426 S.E.2d 586, 206 Ga. App. 754, 1992 Ga. App. LEXIS 1806
CourtCourt of Appeals of Georgia
DecidedNovember 20, 1992
DocketA92A0969
StatusPublished
Cited by8 cases

This text of 426 S.E.2d 586 (Hall v. Buck) is published on Counsel Stack Legal Research, covering Court of Appeals of Georgia primary law. Counsel Stack provides free access to over 12 million legal documents including statutes, case law, regulations, and constitutions.

Bluebook
Hall v. Buck, 426 S.E.2d 586, 206 Ga. App. 754, 1992 Ga. App. LEXIS 1806 (Ga. Ct. App. 1992).

Opinion

Andrews, Judge.

This is the second appearance in this court of a dispute arising out of the following facts. The first appearance was in Southern Gen. Ins. Co. v. Buck, 202 Ga. App. 103 (413 SE2d 481) (1991).

Viewing the facts in the light most favorable to the verdict, appellant/defendant Hall and appellee/plaintiff Nancy Buck were involved in a vehicular collision in which Buck was injured. At the time of the accident Hall was driving a tractor trailer which was loaded with logs, which extended six feet from the rear of the vehicle.
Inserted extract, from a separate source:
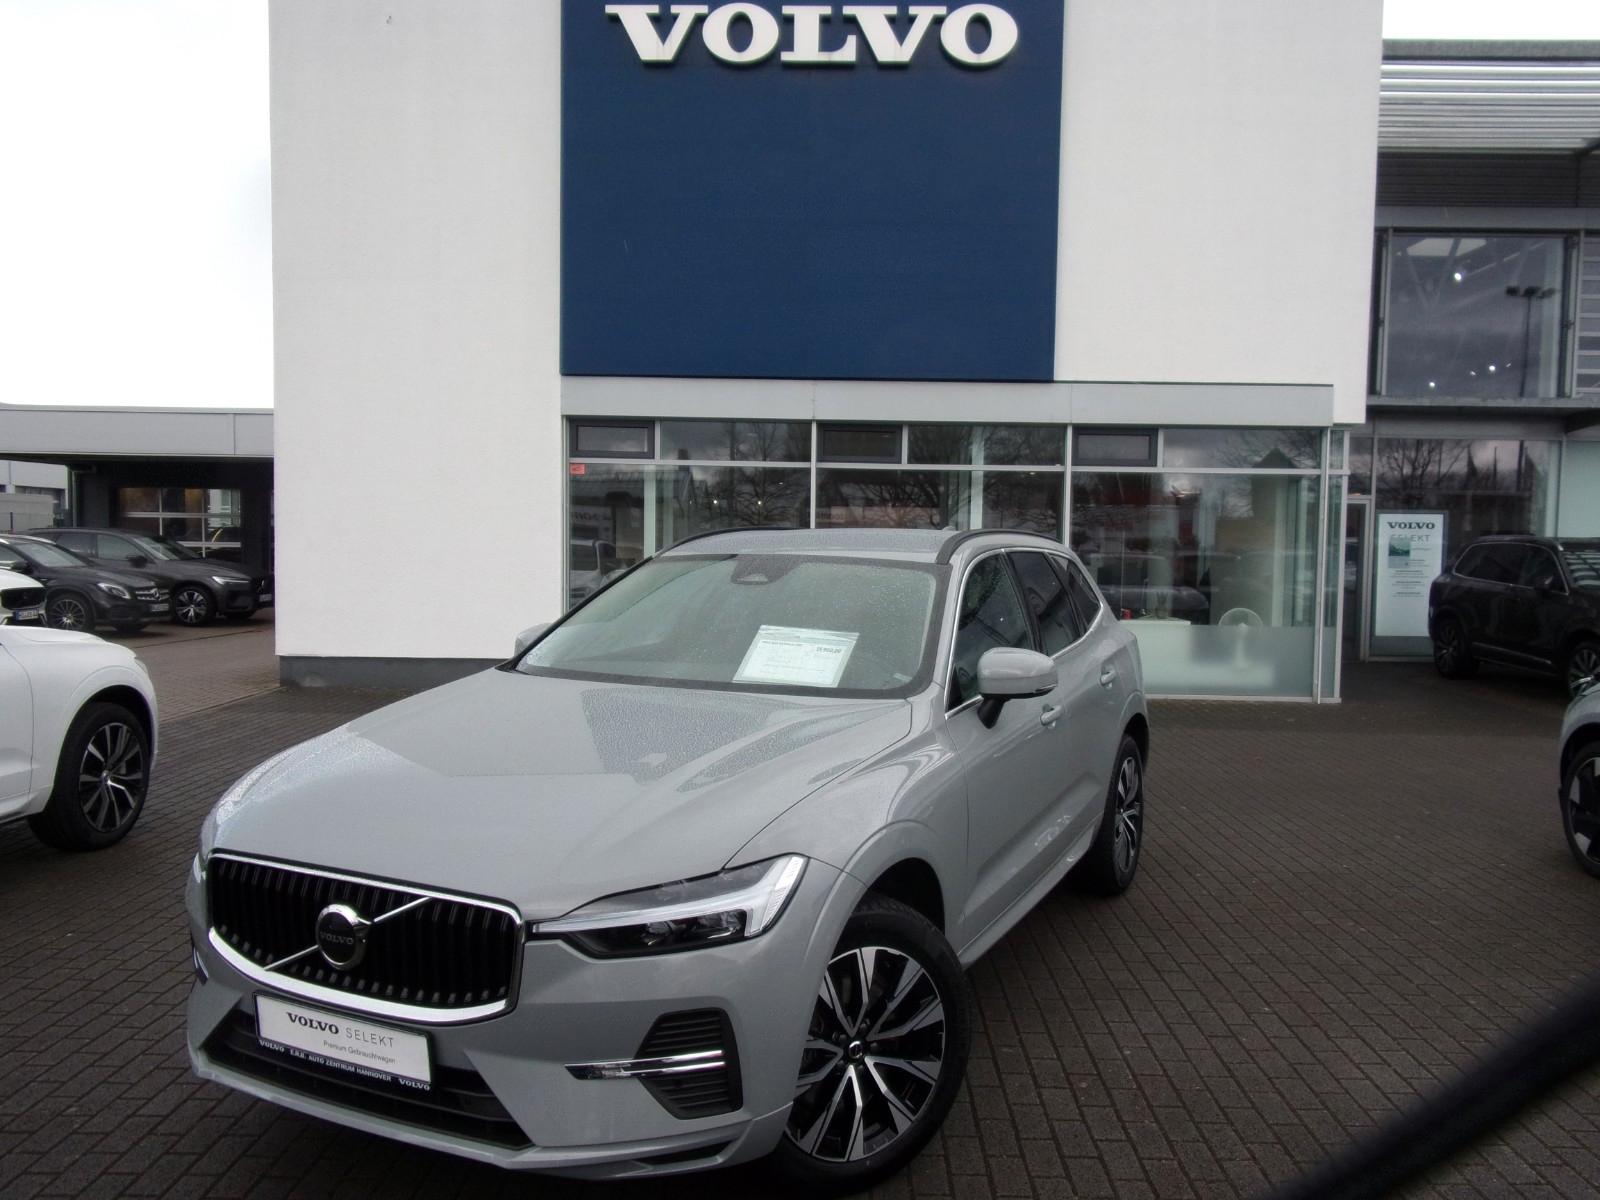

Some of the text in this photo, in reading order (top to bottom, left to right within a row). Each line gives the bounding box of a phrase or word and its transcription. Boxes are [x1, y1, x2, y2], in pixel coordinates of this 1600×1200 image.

As a result of the accident Buck sued the driver, defendant Hall, and the owner of the tractor, defendant Geraldine Smith. Buck later amended her complaint to include defendant Cowart, d/b/a A & G Timber Company, the trailer owner. Buck alleged that at the time of the accident Hall was acting within the scope of his employment for defendants Smith and Cowart.

Buck contended that Hall had pulled out in front of her in heavy fog and that she had been unable to see the tractor trailer due to the fact that it had no warning signals on its load. According to Buck, the vehicle did not have its rear lights on, it had no warning flag on the load, the reflectors of the trailer were obscured by the load of logs hanging down, and no log light was on the end of the load. In response to these contentions, the defendants argued that the headlights and taillights of the vehicle were on and a red flag was on the rear of the load; they conceded that no red light was on the rear of *755 the load. They claimed that Buck was equally negligent in that she was speeding and failed to keep a proper lookout ahead.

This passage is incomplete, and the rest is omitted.